● **Data records**
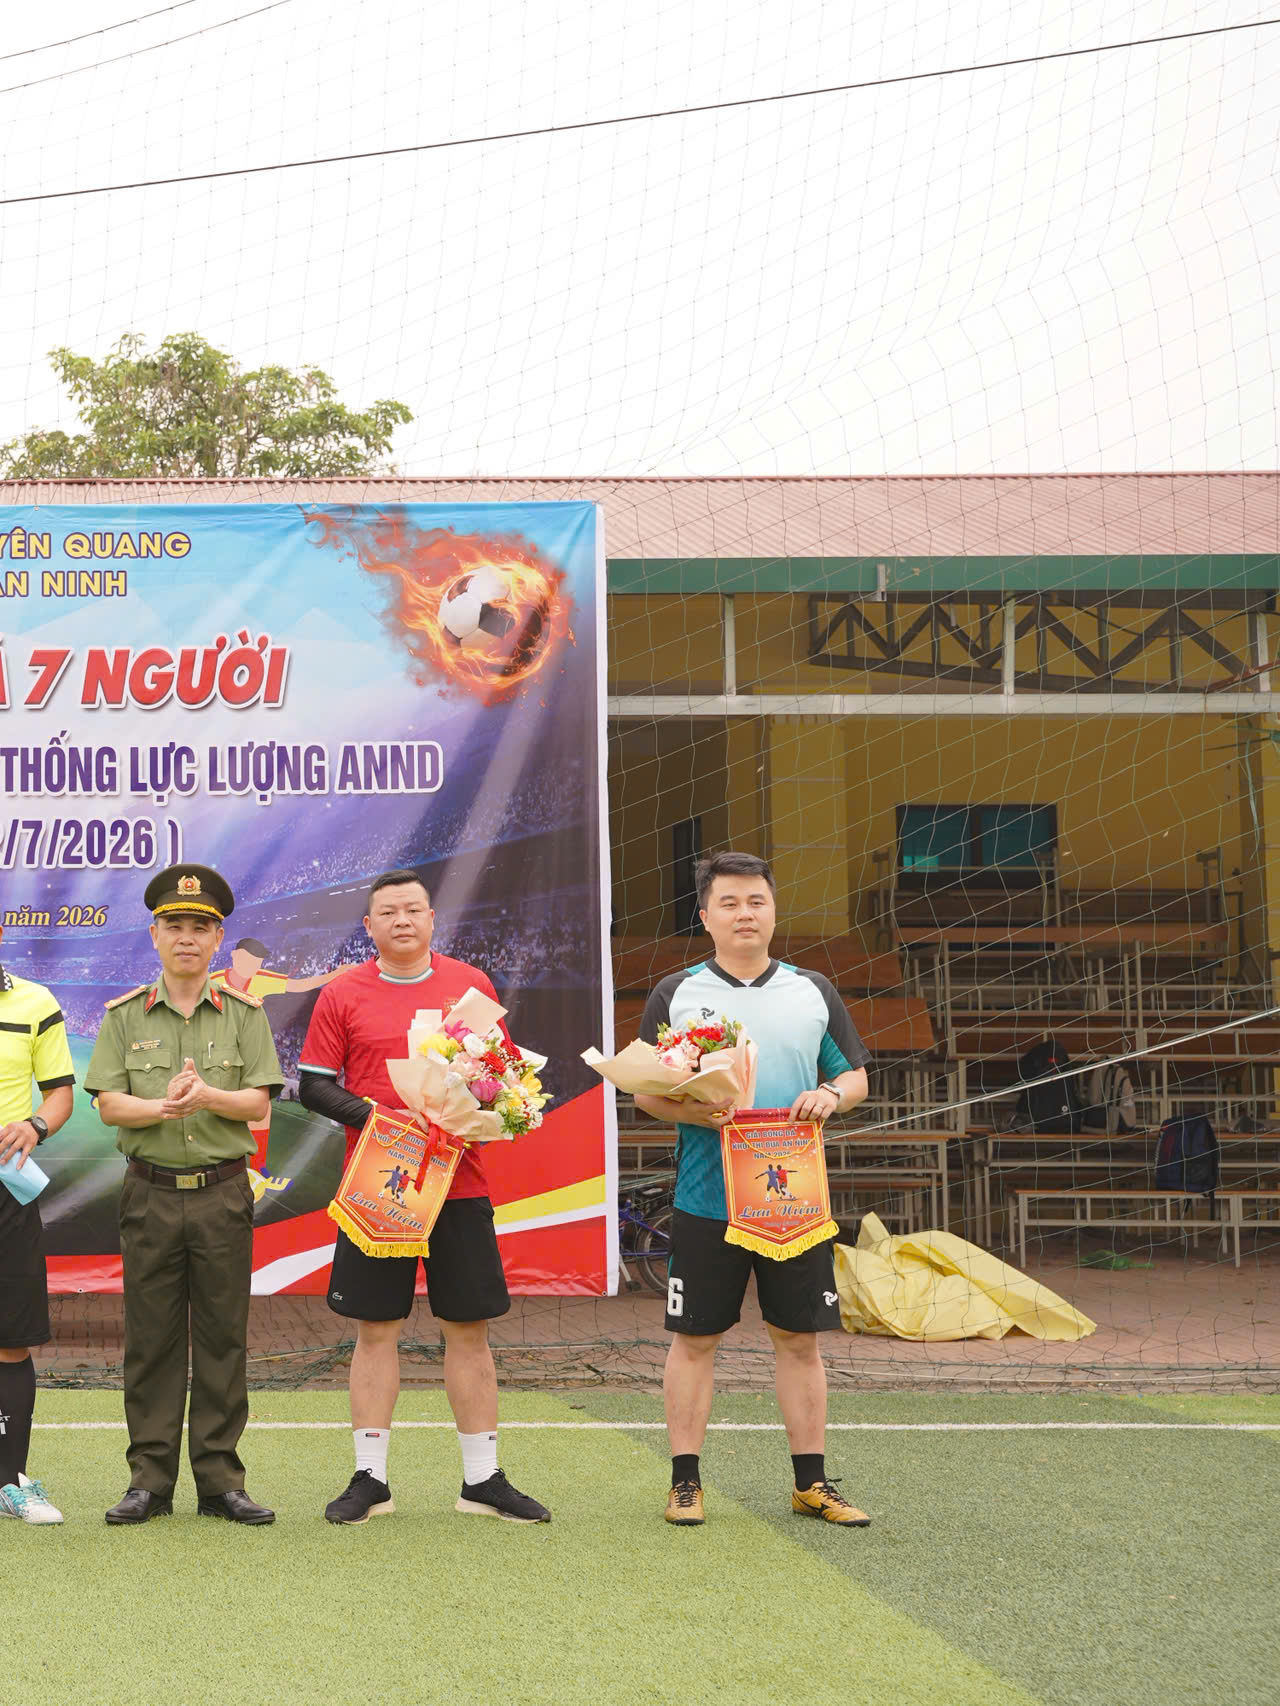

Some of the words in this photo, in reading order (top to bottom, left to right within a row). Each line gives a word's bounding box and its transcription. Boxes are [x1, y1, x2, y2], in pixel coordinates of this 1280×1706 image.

[63, 532, 192, 560] QUANG
[42, 571, 128, 597] NINH
[24, 649, 70, 706] 7
[81, 629, 288, 706] NGƯỜI
[0, 730, 117, 793] THỐNG
[130, 741, 196, 803] LỰC
[209, 741, 325, 803] LƯỢNG
[339, 743, 440, 791] ANND
[3, 905, 51, 927] năm
[56, 905, 108, 926] 2026
[782, 1138, 793, 1147] AN
[667, 1276, 683, 1317] 6
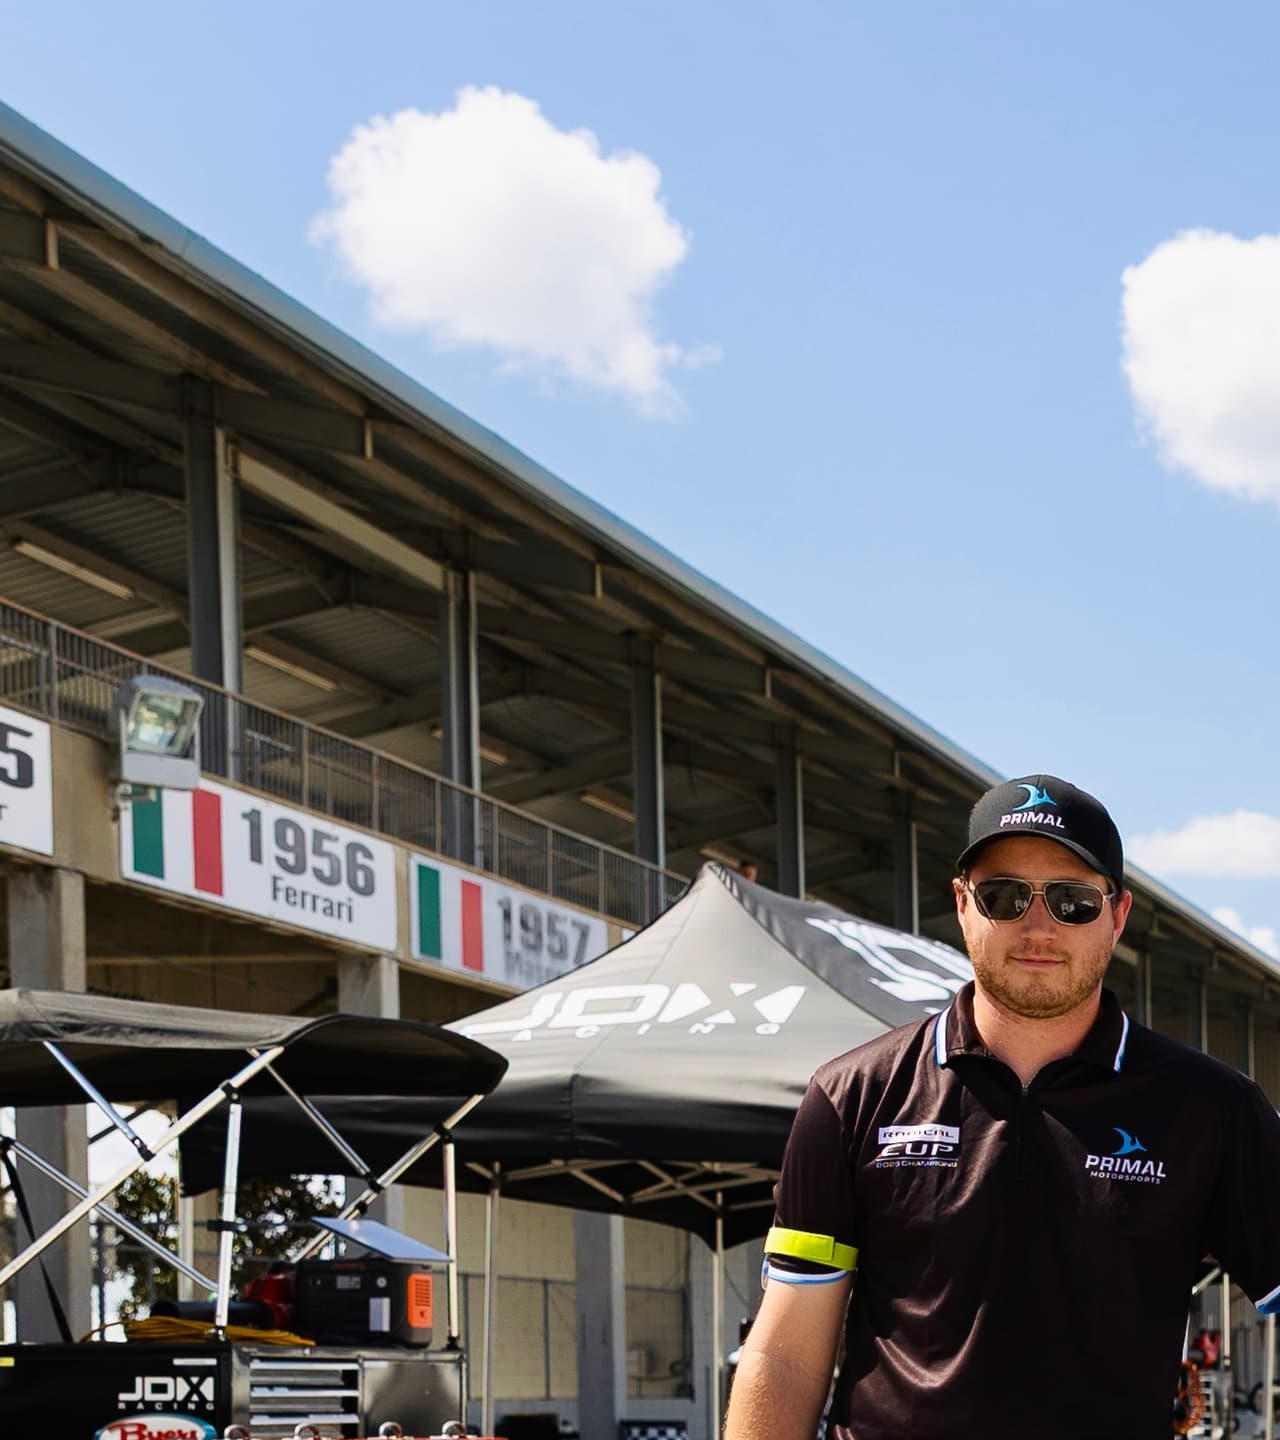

● **Task prompt**
Copy out every entry exactly as written, but not the pictures.

● **Task result**
Some of the words in this photo, in reading order (top to bottom, left to right within a row). Each line gives a word's bounding box and its transcription. Boxes are [x1, y1, x2, y2], in pixel coordinates of this 1280×1706 image.

[63, 532, 192, 560] QUANG
[42, 571, 128, 597] NINH
[24, 649, 70, 706] 7
[81, 629, 288, 706] NGƯỜI
[0, 730, 117, 793] THỐNG
[130, 741, 196, 803] LỰC
[209, 741, 325, 803] LƯỢNG
[339, 743, 440, 791] ANND
[3, 905, 51, 927] năm
[56, 905, 108, 926] 2026
[782, 1138, 793, 1147] AN
[667, 1276, 683, 1317] 6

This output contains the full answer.